Laguerre-Gaussian single-pixel imaging for ultra-high-speed rotating objects based on the rotational Doppler effect

Imaging of high-speed rotating objects holds significant importance for both scientific research and industrial applications. The emerging single-pixel imaging (SPI) technique in recent years has provided a novel solution to accomplishing this task. However, it still faces limitations when dealing with ultra-high-speed rotation. This paper proposes a new SPI method for ultra-high-speed rotating objects based on the rotational Doppler effect (RDE). The method utilizes the rotational Doppler frequency shift generated by the interaction between Laguerre-Gaussian (LG) modes and the rotating object to acquire the LG spectrum, thereby enabling image reconstruction. By establishing a quantitative model of the relationship between the rotational Doppler frequency shift and the LG spectrum coefficients, the experiment successfully achieved imaging of a high-speed rotating object with a rotational speed of 444 revolutions per second (rps).
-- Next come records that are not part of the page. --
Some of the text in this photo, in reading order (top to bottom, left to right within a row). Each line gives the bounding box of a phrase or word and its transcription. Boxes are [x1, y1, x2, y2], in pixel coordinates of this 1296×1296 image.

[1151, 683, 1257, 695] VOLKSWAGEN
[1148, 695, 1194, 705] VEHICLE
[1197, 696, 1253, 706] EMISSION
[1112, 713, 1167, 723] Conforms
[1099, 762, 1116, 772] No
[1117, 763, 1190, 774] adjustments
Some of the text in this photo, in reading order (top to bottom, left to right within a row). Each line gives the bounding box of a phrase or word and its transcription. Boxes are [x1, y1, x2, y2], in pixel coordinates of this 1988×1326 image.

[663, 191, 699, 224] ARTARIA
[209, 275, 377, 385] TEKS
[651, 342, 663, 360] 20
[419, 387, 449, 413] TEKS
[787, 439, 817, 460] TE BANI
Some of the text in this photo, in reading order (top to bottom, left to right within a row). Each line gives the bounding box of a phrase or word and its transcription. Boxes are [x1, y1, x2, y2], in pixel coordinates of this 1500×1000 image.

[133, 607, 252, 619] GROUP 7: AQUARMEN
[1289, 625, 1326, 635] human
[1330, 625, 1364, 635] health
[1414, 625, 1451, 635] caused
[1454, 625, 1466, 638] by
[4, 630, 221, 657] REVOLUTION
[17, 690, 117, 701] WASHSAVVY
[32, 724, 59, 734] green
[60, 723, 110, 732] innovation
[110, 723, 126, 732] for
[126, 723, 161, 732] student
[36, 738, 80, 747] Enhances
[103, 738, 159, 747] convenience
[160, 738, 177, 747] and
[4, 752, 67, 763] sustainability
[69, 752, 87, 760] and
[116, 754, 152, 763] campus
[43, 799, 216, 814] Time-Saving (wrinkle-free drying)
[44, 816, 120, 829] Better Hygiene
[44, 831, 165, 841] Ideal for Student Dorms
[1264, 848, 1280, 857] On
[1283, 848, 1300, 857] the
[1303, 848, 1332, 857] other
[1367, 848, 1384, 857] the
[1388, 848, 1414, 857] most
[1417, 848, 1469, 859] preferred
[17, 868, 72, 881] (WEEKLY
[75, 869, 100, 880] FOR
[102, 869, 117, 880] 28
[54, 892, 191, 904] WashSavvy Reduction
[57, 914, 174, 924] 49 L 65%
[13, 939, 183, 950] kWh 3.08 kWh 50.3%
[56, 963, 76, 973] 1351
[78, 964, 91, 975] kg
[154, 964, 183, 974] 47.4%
The analysis indicates that the imaging performance is independent of the rotational speed, and the upper limit of the maximum rotation speed for imaging is determined solely by the maximum frequency shift that can be detected, as only the amplitude and phase of frequency shift are of interest in our measurement paradigm. Notably, the imaging time exhibits an inverse proportionality to the rotational speed. Such characteristic renders our methodology particularly advantageous for ultra-high-speed rotational imaging applications, where conventional approaches often encounter temporal resolution limitations.